In a room in this Mussolini’s headquarters was a pile of Italian medals and other paraphernalia for decorating their Fascist army personnel. I grabbed up a bunch of medals made of metal, which later came in handy when I sent my P38 home in a box. I broke down the P38 into parts and then I surrounded the parts with the metal medals to obscure the outline of the pistol parts if the box was x-rayed. I then wrapped the box with telephone wire and listed the items inside. I told a white lie about the contents–I wrote that I had a 105 howitzer enclosed–. You know that a 105 howitzer is a cannon! Don’t you? It might have made the censor laugh enough to pass inspection. I wrote home and asked if the “pooshka” came yet. At a later time probably when we were in FRANCE, I was told by letter that the “pooshka” came in tact and that my brother-in-aw was able to assemble it! Hurray! Here’s that very pistol
GARRISON OF ROME DREAM ENDS
We were dismayed when the Colonel again held us in formation to tell us that we were leaving ROME. How terrible! We thought our war was over, but there was more to come! Back to the old grind of slit trenches and tents and mess kits and chow lines! We were moved out of Rome going south towards Naples. Our first stop was in a grove of trees. It was there that I first met Ed Viscount, a redheaded Italian– maybe Swiss-Italian. He and I buddied up because he loved to sing and we sure did that. I sang to him the song Anna Maria taught me. I bought a songbook in Rome too, which helped me with remembering the words.

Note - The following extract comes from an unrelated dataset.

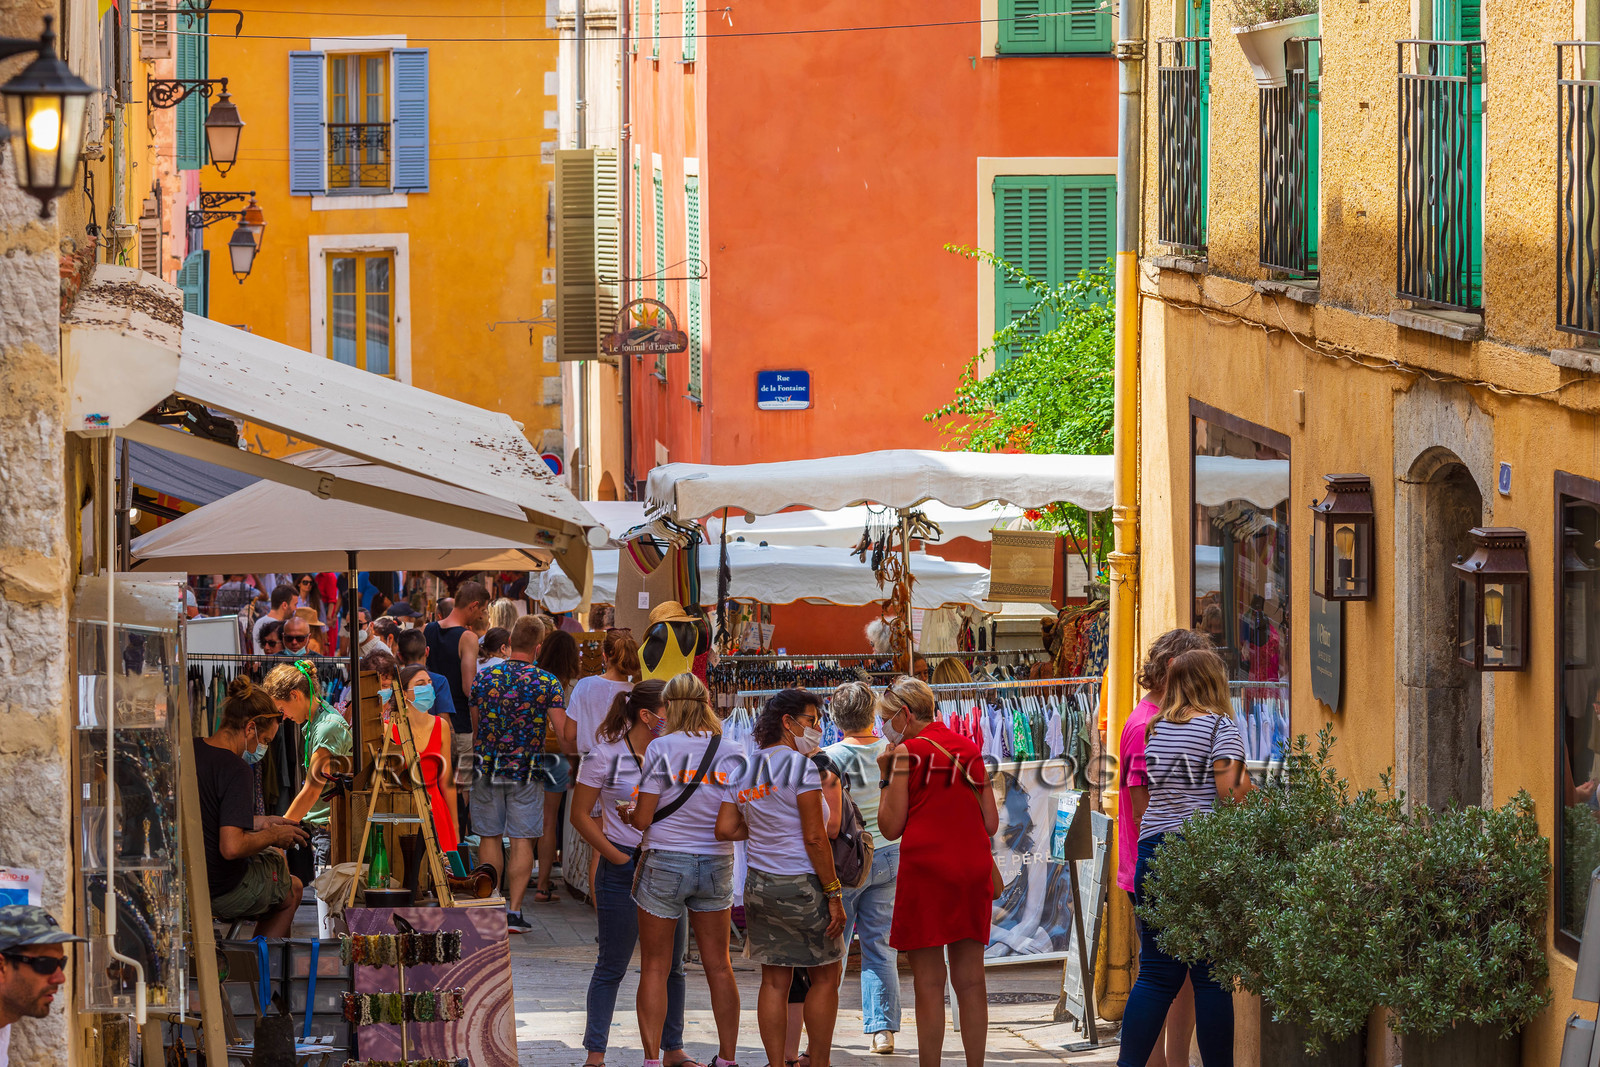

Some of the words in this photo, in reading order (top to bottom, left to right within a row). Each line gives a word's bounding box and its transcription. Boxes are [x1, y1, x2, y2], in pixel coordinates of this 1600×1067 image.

I heard that a truck was going back into Rome on some sort of errand. I begged to go along and the driver said, “Then Hurry up”! So I grabbed my shoes and socks and donned them while riding on the back of the truck. He dropped me off at a fountain near the monument to Vittorio Emmanuel and promised to be there to pick me up at a given time. I dashed up the stairways to the home of Anna Maria and spent the time agonizing having to leave her there maybe forever! Oh. Woe is me! The life of a soldier. Always having to leave someone ‘dear’ behind! The truck driver and I met on time and my absence was undetected back at the grove of trees.
In that grove of trees, I found an “EVERSHARP” fountain pen in the leaves and debris on the ground! There was no way I could find the original owner so I kept it and still have it in my souvenirs. It became my pen of choice and was worn out from use.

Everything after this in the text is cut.